“The moon was shinning on the lake at night,
My Slayer T-Shirt fit the scene just right…”
—Weezer, (If You’re Wondering If I Want You To) I Want You To
Let’s start with an etymology and a kind of psychospiritual techno-political mathematical equation.
Etymology of the word attention: “active direction of the mind upon some object or topic.” From root attend meaning “direct one’s mind or energies”, “give heed to” or “stretch” (as in stretching your mind towards something.)
Hence, attention is the essence or the motive force of mind (classical spiritual teaching). Attention is what directs the mind.
Which means controlling or directing another’s attention therefore equals mind control by definition.
Attention = Active Direction of the Mind
Attention = Essence of Mind
Directing the Attention of Another Person’s Mind = Mind Control
That’s the thesis here. Let me unpack the implications of that thesis as it applies to the phenomena of the attention-based economy.
Here's the wiki on the concept of the attention economy:
"Attention economics is an approach to the management of information that treats human attention as a scarce commodity, and applies economic theory to solve various information management problems. Put simply by Matthew Crawford, Attention is a resource—a person has only so much of it." (my emphasis)
In other words as information has become abundant, attention has become the scarce resource. Everyone is therefore fighting to grab everyone’s attention (notice the nefarious implication of the verb “grab” there.)
Out of this organizational theory has sprung an entire cadre of information workers seeking to gain your attention. Tim Wu dubbed them the attention merchants. Wu’s book (of the same name) brilliantly shows that there’s a key twist however to their work.

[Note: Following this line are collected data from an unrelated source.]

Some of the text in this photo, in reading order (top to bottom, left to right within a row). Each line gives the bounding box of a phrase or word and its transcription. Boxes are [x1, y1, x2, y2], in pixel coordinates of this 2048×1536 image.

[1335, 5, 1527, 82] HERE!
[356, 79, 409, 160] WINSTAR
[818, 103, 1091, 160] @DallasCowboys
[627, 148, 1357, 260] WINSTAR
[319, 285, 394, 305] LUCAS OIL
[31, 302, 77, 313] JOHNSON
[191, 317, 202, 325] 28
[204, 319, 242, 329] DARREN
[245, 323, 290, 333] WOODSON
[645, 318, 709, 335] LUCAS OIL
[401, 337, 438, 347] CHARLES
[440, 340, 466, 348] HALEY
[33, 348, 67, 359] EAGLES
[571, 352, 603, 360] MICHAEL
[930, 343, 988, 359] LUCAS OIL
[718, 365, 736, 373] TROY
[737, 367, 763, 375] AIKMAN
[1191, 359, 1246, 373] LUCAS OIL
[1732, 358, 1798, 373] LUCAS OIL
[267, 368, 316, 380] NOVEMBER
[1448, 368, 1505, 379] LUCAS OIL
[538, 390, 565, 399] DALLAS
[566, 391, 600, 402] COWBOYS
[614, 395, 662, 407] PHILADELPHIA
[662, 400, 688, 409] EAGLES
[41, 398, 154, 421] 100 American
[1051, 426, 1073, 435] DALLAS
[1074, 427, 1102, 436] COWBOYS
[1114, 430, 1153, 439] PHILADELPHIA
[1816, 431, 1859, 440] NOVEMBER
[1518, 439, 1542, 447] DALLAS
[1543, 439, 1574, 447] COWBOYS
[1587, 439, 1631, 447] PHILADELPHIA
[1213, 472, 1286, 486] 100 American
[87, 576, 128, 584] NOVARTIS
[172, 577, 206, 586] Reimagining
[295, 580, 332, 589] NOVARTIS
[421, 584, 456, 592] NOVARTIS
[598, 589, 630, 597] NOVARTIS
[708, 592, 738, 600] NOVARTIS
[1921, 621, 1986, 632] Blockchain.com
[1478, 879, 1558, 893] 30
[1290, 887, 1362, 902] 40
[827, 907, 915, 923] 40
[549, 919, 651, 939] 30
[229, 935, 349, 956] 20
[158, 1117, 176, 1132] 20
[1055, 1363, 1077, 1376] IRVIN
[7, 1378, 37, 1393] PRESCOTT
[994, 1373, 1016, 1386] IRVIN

The expectation is that these attention merchants (marketers, brand specialists, social media gurus and the like) would be selling something to you. A traditional marketing assumption would be that they’re trying to get your attention to sell you some product, experience, commodity, or whatever.
But as Wu masterfully shows that is not the case. The attention merchants are giving away information for free (since information is basically costless now) and here’s the crucial point, they are busy selling you and your attention to corporate entities.

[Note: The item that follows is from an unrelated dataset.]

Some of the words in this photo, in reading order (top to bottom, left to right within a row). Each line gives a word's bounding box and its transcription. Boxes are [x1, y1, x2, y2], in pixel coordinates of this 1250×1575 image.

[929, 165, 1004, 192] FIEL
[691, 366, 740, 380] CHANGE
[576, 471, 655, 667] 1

Youtube & Facebook are the most obvious and gargantuan versions of this but they are far from the only ones.
For the attention merchants you are the product, you are the resource to be harvested by corporate entities. You are not the customer or consumer. You are the product. The consumers are corporate entities.

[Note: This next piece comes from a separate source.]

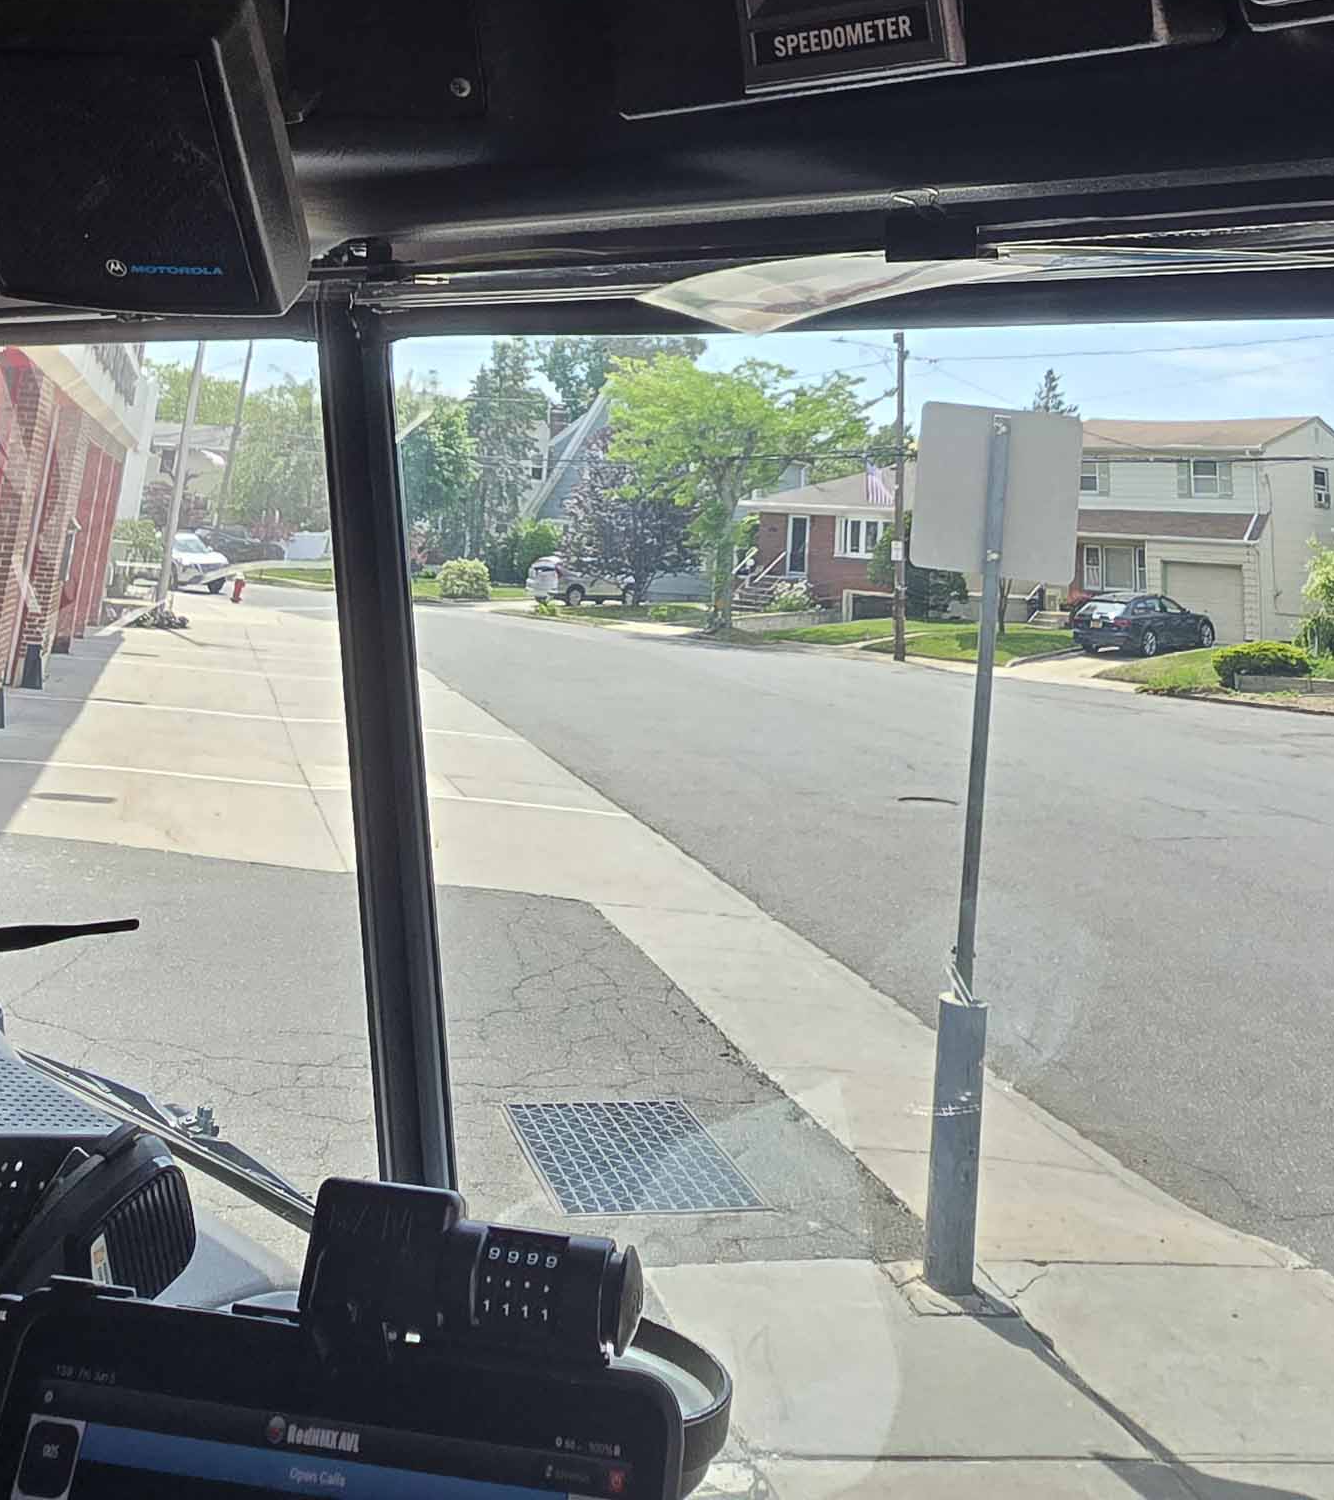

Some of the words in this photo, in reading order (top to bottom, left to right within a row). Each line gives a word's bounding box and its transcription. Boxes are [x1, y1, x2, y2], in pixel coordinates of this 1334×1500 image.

[773, 15, 912, 57] SPEEDOMETER
[130, 264, 224, 276] MOTOROLA
[289, 1467, 317, 1485] Open
[318, 1470, 347, 1488] Calls

Or to be more precise attention merchants are selling your attention to corporations.
Attention recall is the essence or motive force of mind. Attention is what guides or directs your mind to an object or topic.
Ergo, attention merchants are quite literally selling your mind to corporations.
Notice precisely what is meant here. They’re selling your mind to corporations.
Notice what I said (and what I didn’t say). Attention merchants aren’t selling your brain to corporations. At least not directly. And at least not yet.
They’re selling your mind. They’re selling the essence of your mind, i.e. your attention.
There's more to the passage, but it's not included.